Disomogenea l'adesione allo sciopero nelle diverse aziende. Ma in Liguria l'assessore alla Salute Claudio Montaldo ha voluto incontrare i sindacati per ribadire punto per punto la condivisione delle motivazioni della protesta.

I camici bianchi, nell'attesa, rilanciano le loro richieste e auspicano che la politica «sia capace di recepire il segnale di allarme e difendere insieme il servizio sanitario pubblico e il valore sociale del lavoro di chi è deputato a tutelare un bene costituzionalmente protetto». Sostegno pieno dalla Federazione nazionale degli Ordini dei medici: «Occorre il coraggio e la responsabilità di altre e diverse politiche, che guardino ai professionisti come a una soluzione e non a un problema». Che considerino la sanità pubblica «non un mero capitolo di spesa sul quale intervenire con forbici grossolane» ma un settore strategico per il Paese.
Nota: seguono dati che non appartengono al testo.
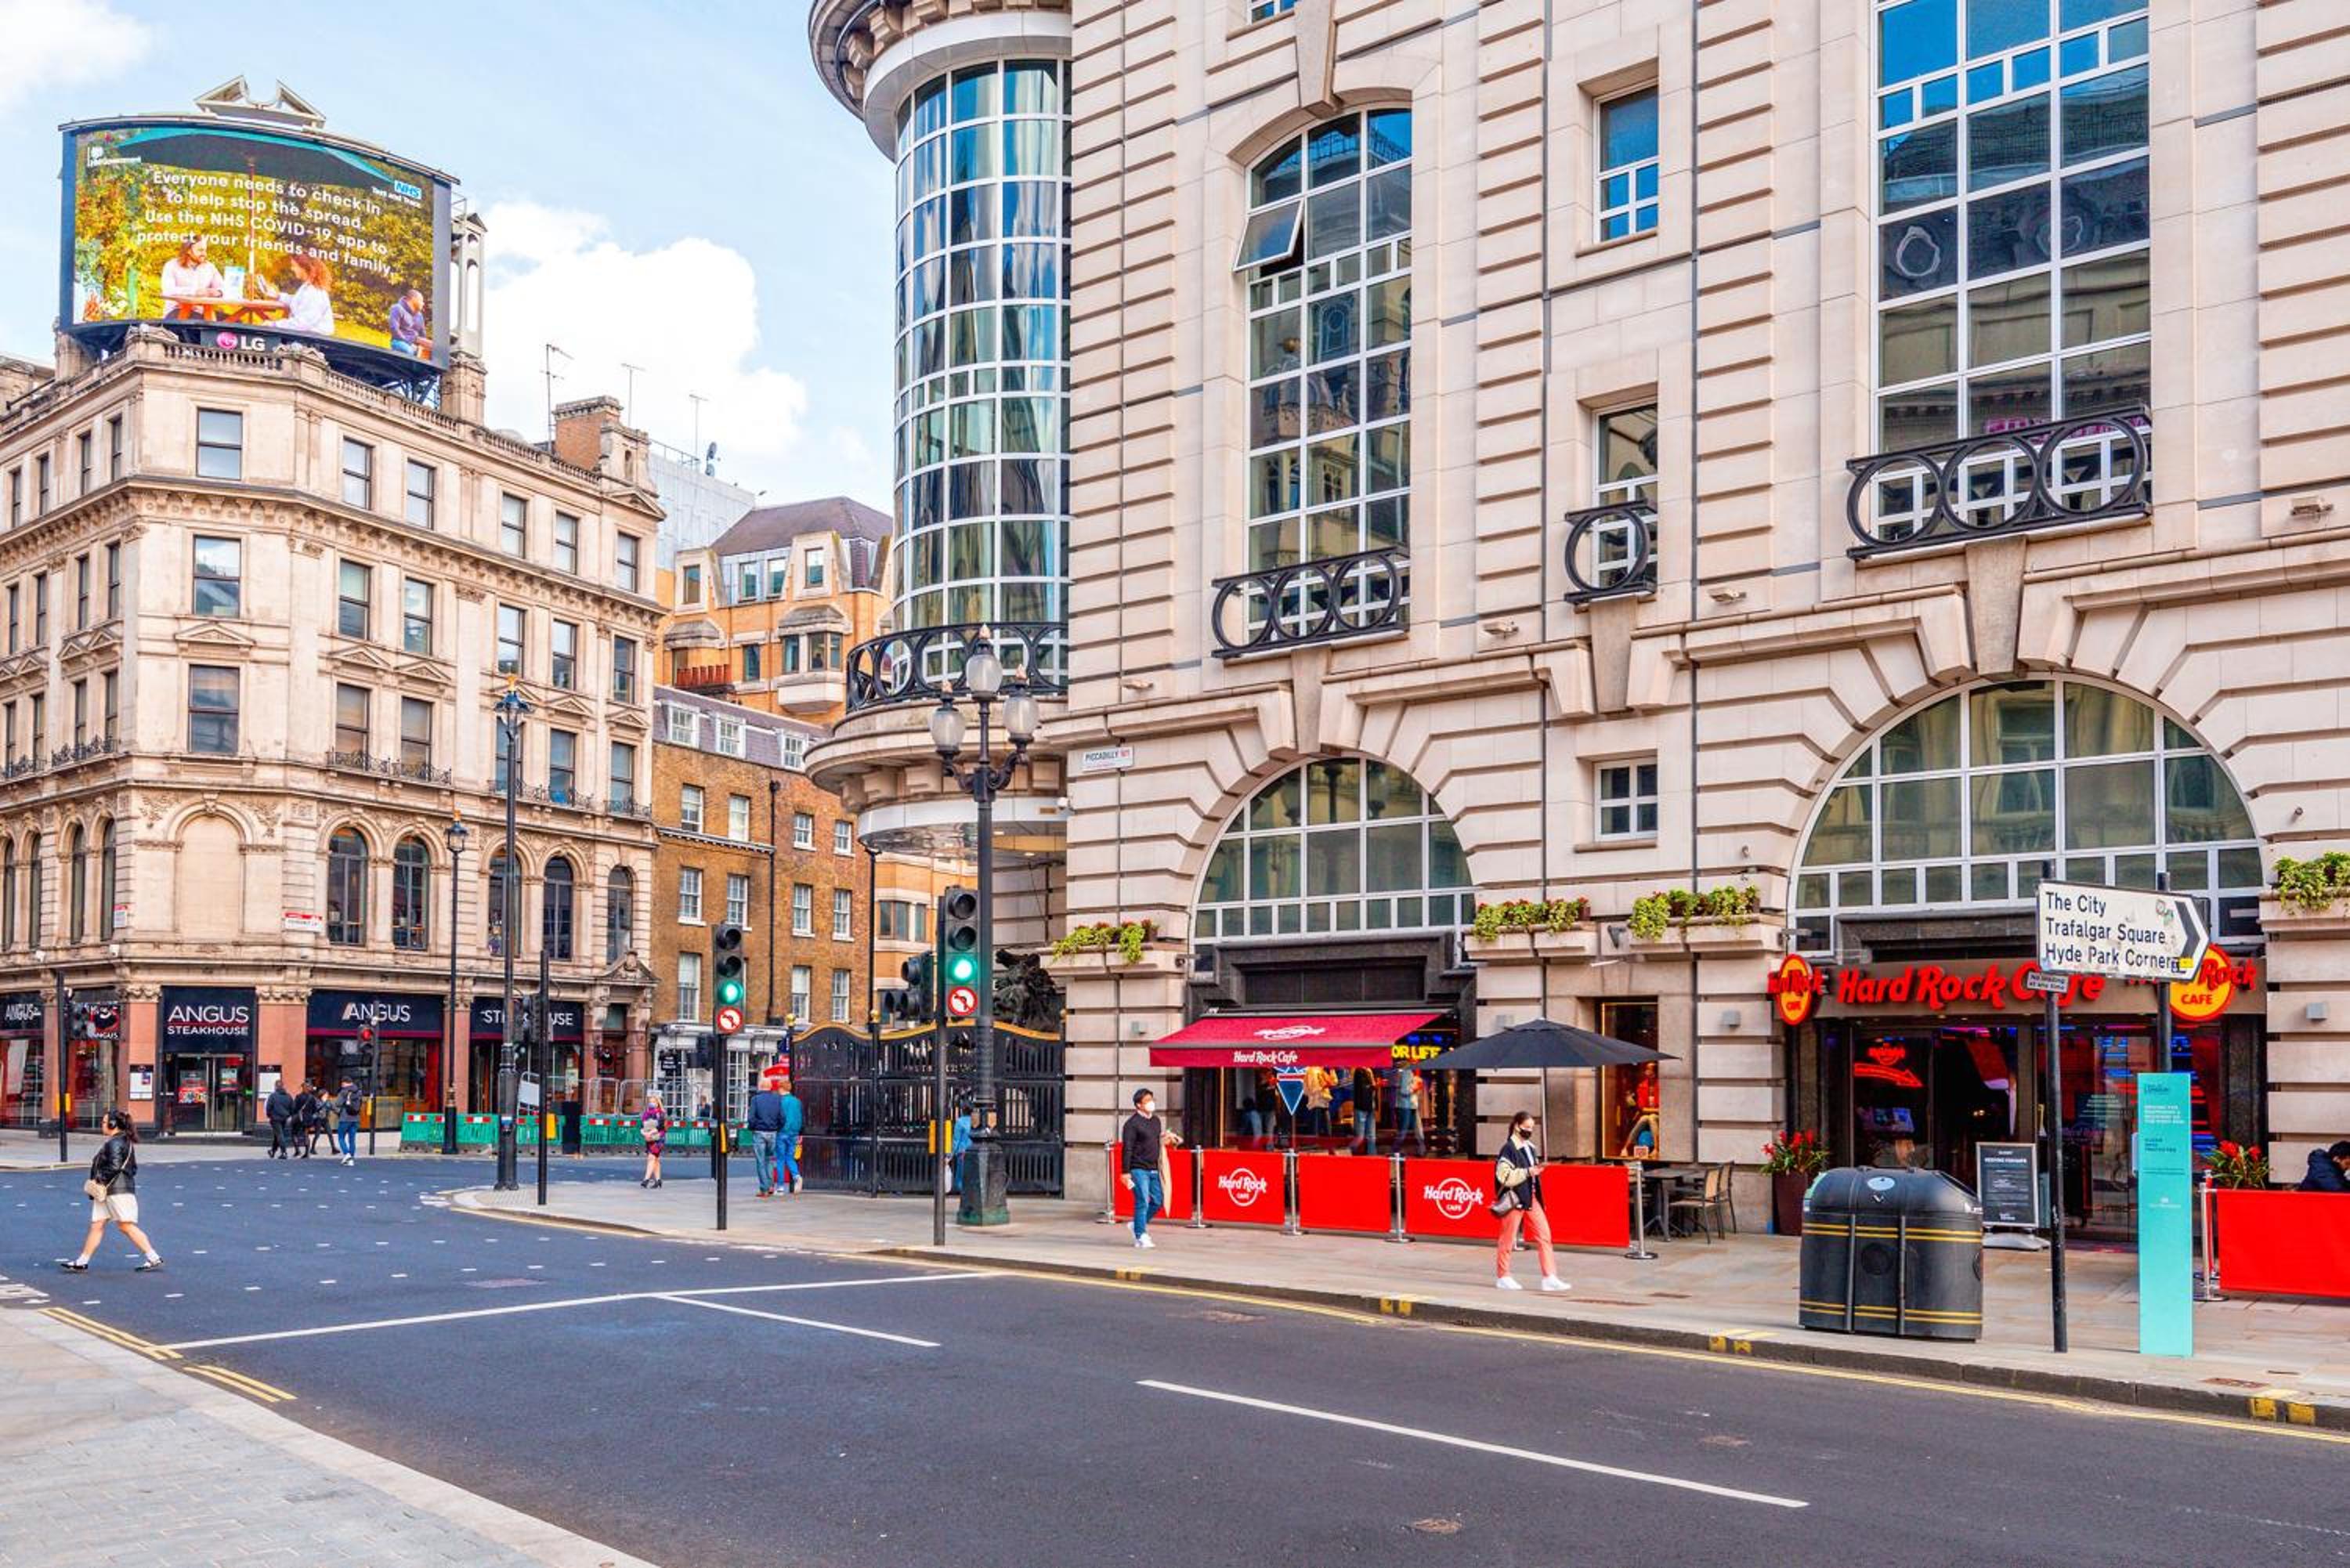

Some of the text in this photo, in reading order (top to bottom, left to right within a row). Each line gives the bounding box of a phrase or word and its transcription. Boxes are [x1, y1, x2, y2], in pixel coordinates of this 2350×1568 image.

Un appello per ora caduto nel vuoto. Se l'Esecutivo tace il Parlamento non si sbraccia. Si leva soltanto, in serata, la voce di Pierpaolo Vargiu (Scelta Civica), presidente della commissione Affari sociali della Camera: «I medici italiani hanno ragione: la politica deve fare scelte coraggiose, altrimenti è il disastro. Sarebbe davvero sbagliato se il Parlamento non ascoltasse il grido di dolore che viene oggi dallo sciopero dei medici. Non sono scesi in campo per difendere se stessi e i loro stipendi, ma perché l'Italia intera sappia che, se non si interviene per cambiare ciò che non
funziona nel nostro Ssn, rischiamo di rinunciare all'assistenza sanitaria universale ed equa, che è il nostro orgoglio civile».